A sad, spectacular end
Film reviews: Harry Potter and the Deathly Hallows, Part II
MANILA, Philippines - There are some questions that will continue to haunt the Harry Potter stories for a long time in the future. One is, was author J.K. Rowling right in putting the tale to end after seven books? If she were tired from all the writing, she could have simply rested for a year or two and then pick up the adventures again.
Why, Rowling could have taken Harry and his friends to wizarding college in Oxford and given them a new set of interesting teachers in the future books. She could have even sent them to America to meet up with distant relatives in Salem, that is where legend says the witches live, and then given those vampires and superheroes in Hollywood a big run for their money.
Another one is if the movie producers were right in dividing the seventh and final book, Harry Potter and the Deathly Hallows into two films. Admittedly, the books have gotten darker, heavier and longer over the years. Given the fidelity to the novel that the Potter fanatics expect, compacting the written pages into the usual two hours must have been difficult. Take note though that epic novels like War and Peace and Gone with the Wind have been successfully and wonderfully compressed into regular movies.
But then, if one Potter picture can make a billion bucks at the box-office, dividing one book into two means doubling the money. Very big money. The only problem with this decision is that moviegoers got the beginning and the end of a story one year apart. They went home bitin from the first one because it had no ending. Then they will sit down to watch the next trying to recall all that went before. If you can, I recommend that you watch Deathly Hallows Part 1 before taking in Part 2.

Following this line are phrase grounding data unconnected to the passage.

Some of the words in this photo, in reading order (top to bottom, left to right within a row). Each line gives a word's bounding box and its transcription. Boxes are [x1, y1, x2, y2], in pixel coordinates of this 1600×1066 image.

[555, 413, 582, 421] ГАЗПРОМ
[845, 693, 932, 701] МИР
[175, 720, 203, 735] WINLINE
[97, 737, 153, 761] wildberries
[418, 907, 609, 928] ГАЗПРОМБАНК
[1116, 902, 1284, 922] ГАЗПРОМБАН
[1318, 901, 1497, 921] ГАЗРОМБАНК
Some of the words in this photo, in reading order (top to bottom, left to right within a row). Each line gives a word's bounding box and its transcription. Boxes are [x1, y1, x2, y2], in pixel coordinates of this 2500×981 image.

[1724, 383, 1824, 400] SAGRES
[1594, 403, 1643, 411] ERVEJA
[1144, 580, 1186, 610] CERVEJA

Despite this though, I do not think anybody is likely to complain. After all, this is a Harry Potter movie and nobody listens to what critics or cynics or killjoy creatures might say about the much-loved franchise. That is described as being critic-proof, box-office not affected, in the trade. As it is, this final film is probably one of the most anticipated in movie history. It will also be the most watched.

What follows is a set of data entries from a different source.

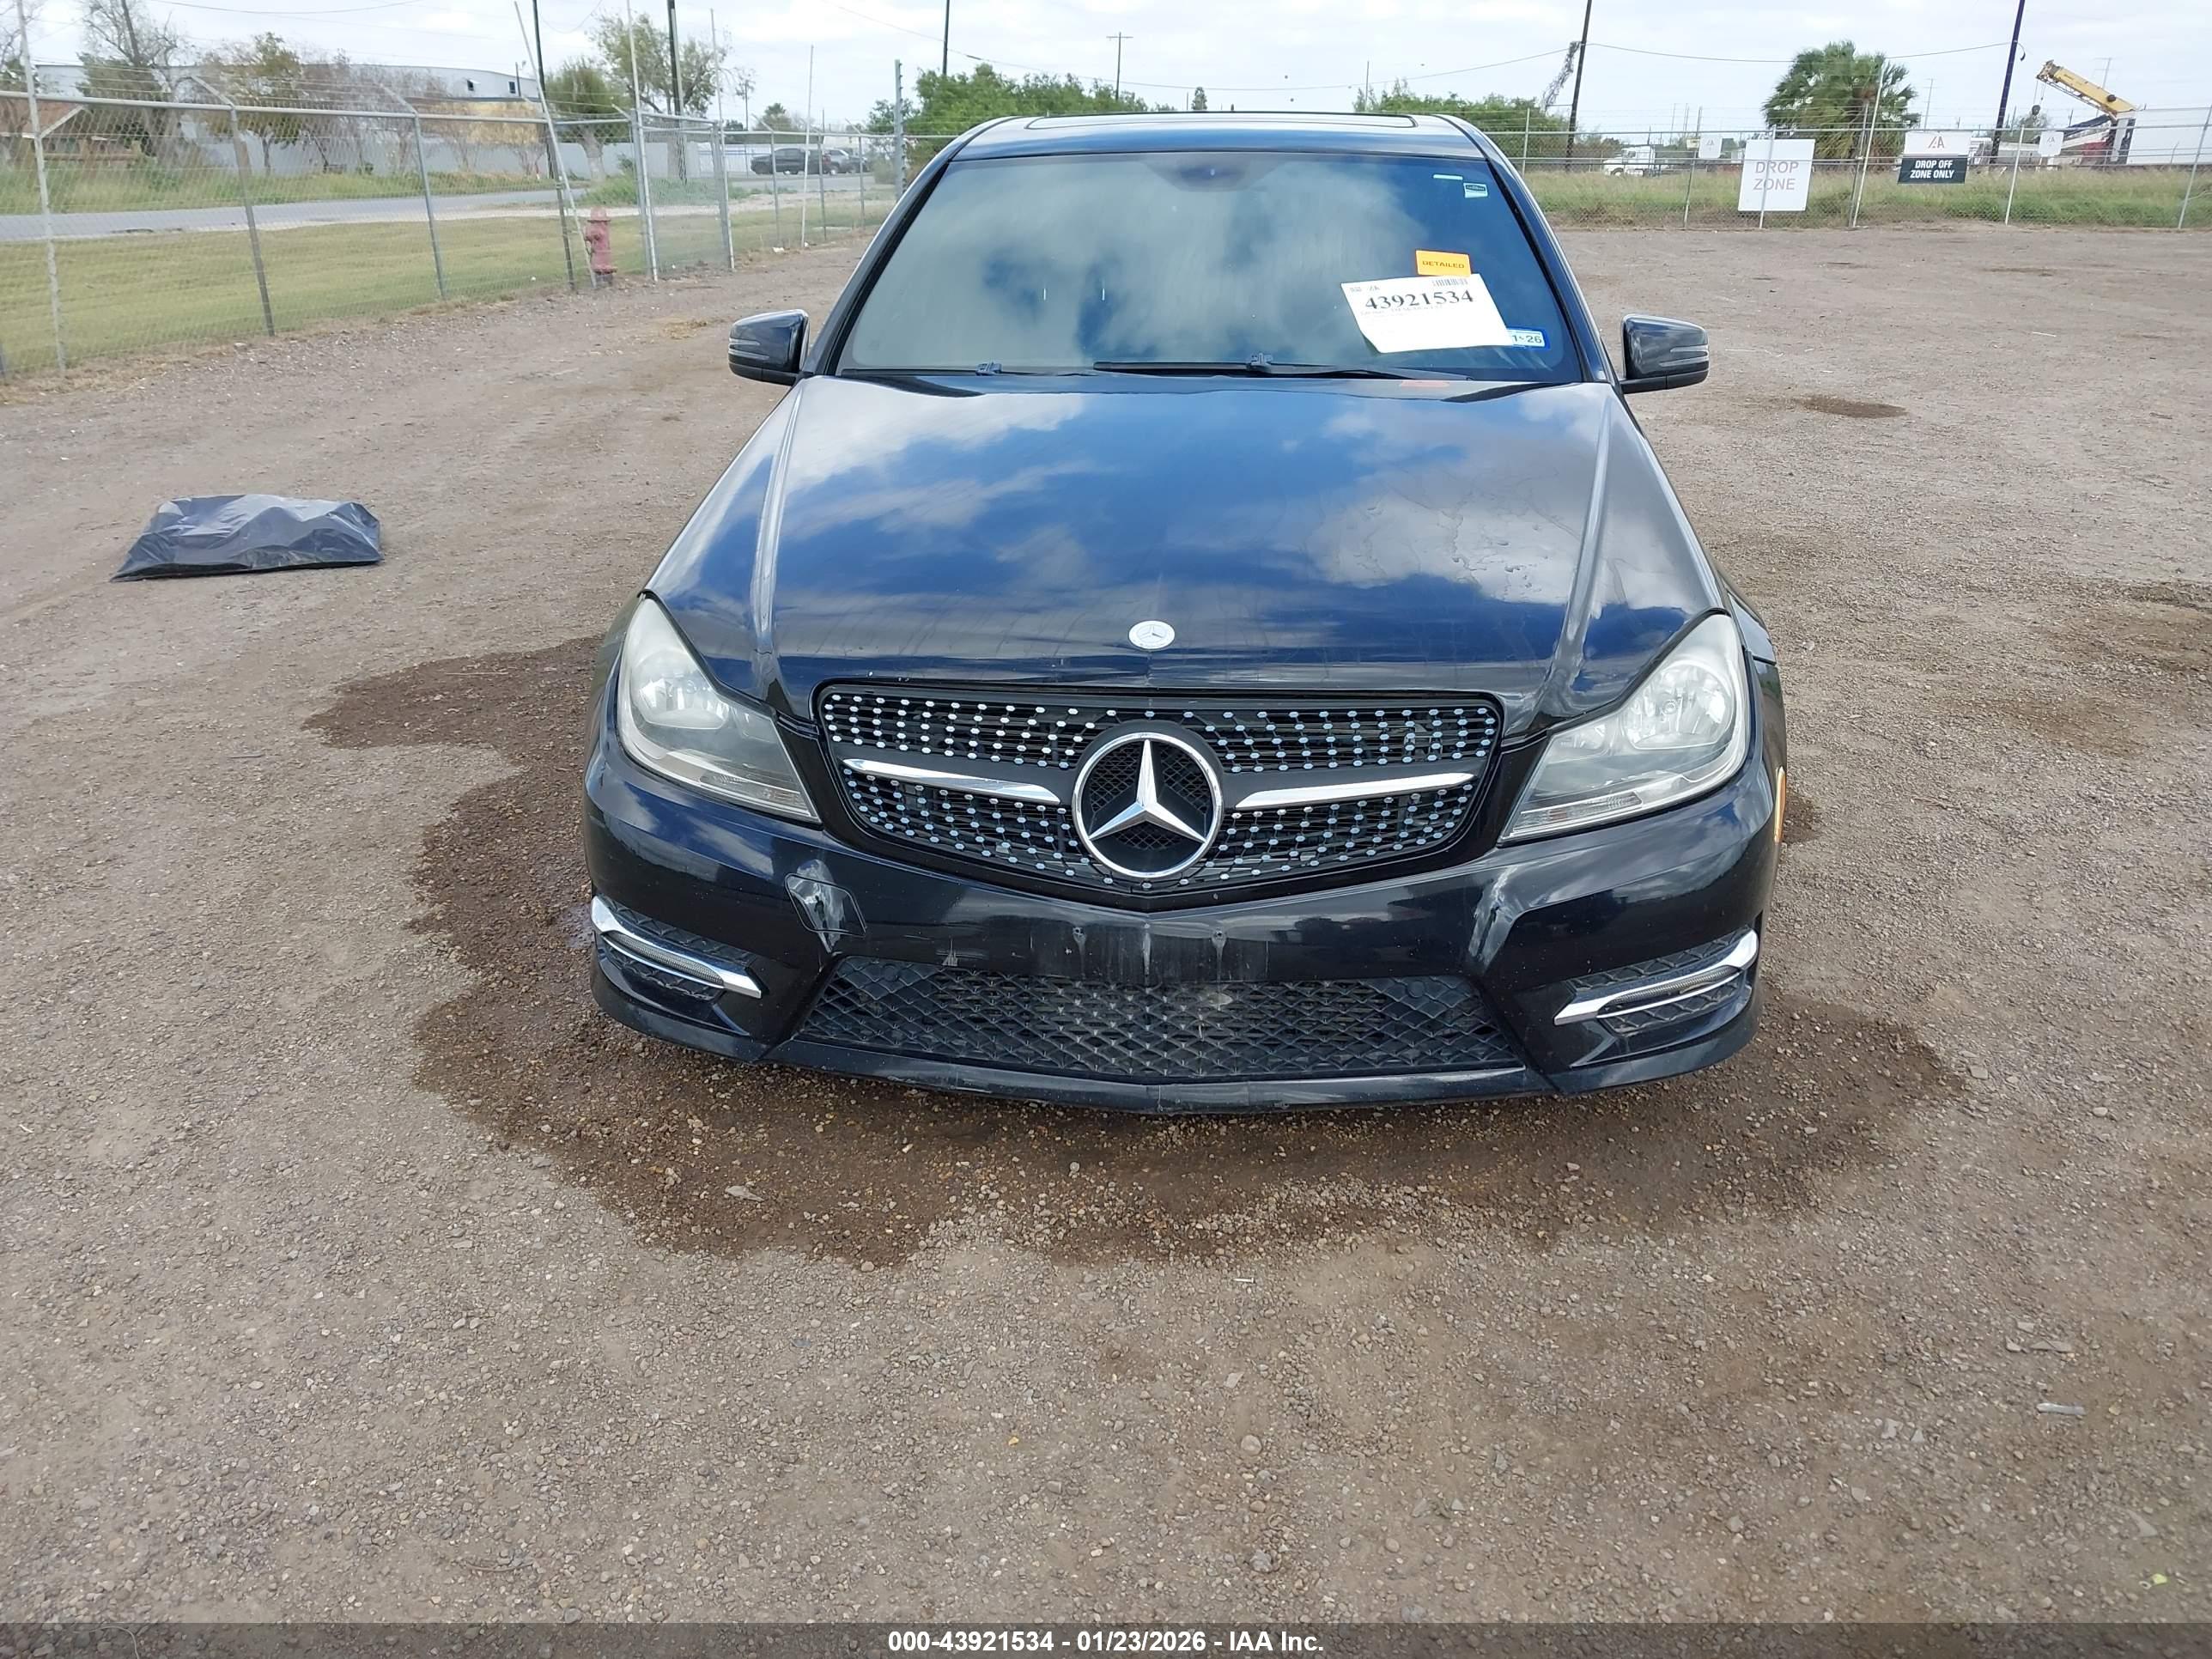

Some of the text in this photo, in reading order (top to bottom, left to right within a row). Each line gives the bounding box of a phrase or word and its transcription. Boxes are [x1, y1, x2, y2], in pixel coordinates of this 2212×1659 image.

[1755, 161, 1799, 173] DROP
[1914, 160, 1954, 169] DROP OFF
[1909, 169, 1955, 179] ZONE ONLY
[1753, 178, 1796, 191] ZONE
[1422, 260, 1465, 269] DETAILED
[1365, 289, 1474, 309] 43921534

It has been 10 years since the first film, Harry Potter and the Sorcerer’s Stone, was released. I watched it again a few days ago and I was happy to find out that it has retained the sense of wonder that was so much a part of its charm. How the kids Harry, Hermione and Ron have since grown. Most of the villains have now been put away. The tale is coming to its end and director David Yates has made it sad, moving, majestic and rightly spectacular. This is an ending that befits a modern legend.
Harry and his friends are in a race against Voldemort to get the last of the horcruxes. These are the objects that hold pieces of the soul of the evil lord. Getting them will bring Voldemort with all his powers back to life. What he is after now is the Elder Wand, which will give him immortality. His minions have also grown in strength and number. Even Hogwarts, with the treacherous Snape as the new headmaster, is now tightly guarded by Dementors and Deatheaters. The world is in turmoil, the future is bleak and whatever hope there is rests on Potter’s shoulders.
It is the classic battle of good and evil once more and Yates has given it an excellent setting. He provides chases, battles, explosions, flying sequences and other marvels for audiences to cheer and gape at. The special effects work in the picture, so natural and unobtrusive, and rank among the best. Despite this spectacle though, Yates immerses viewers in the bleak overall mood of the story, through his clever palette choice.
But it is the fact that many of us have followed the adventures of Harry for over a decade and that we are now so familiar with the characters that have made everything happening to them more involving. I have not ceased to marvel over how Rowling connected them to one another and through countless events through seven novels.
Poor Snape but what a wonderful actor Alan Rickman is. What a delightful actress Maggie Smith is, conveying so much with the slightest of movements as Professor McGonagall. Michael Gambon makes a formidable figure out of Dumbledore even in death. How nice to see John Hurt again as Ollivander, who holds the key to the Elder Wand. And the Malfoy guys, Tom Felton as Draco and Jason Isaacs as Lucious, make an excellent villainous pair.
But of course, this final chapter is really all about Harry and Voldemort. Daniel Radcliffe does not act. He is Harry Potter. Ralph Fiennes, though noseless makes a fearsome adversary. There is not really much to do for Emma Watson as Hermione and Rupert Grint as Ron but there cannot be a Harry Potter movie without them and they do help lighten things up as they try to cope with the stirrings of first love.
Chances are a lot of Harry Potter fans are now also of the age when romantic love is the most important part of their existence. And like the young heroes of J. K. Rowling they have also put away their childhood fantasies. But years from now, I am sure they will look back to their Harry Potter experience and remember it as a wonderful, most exciting ride.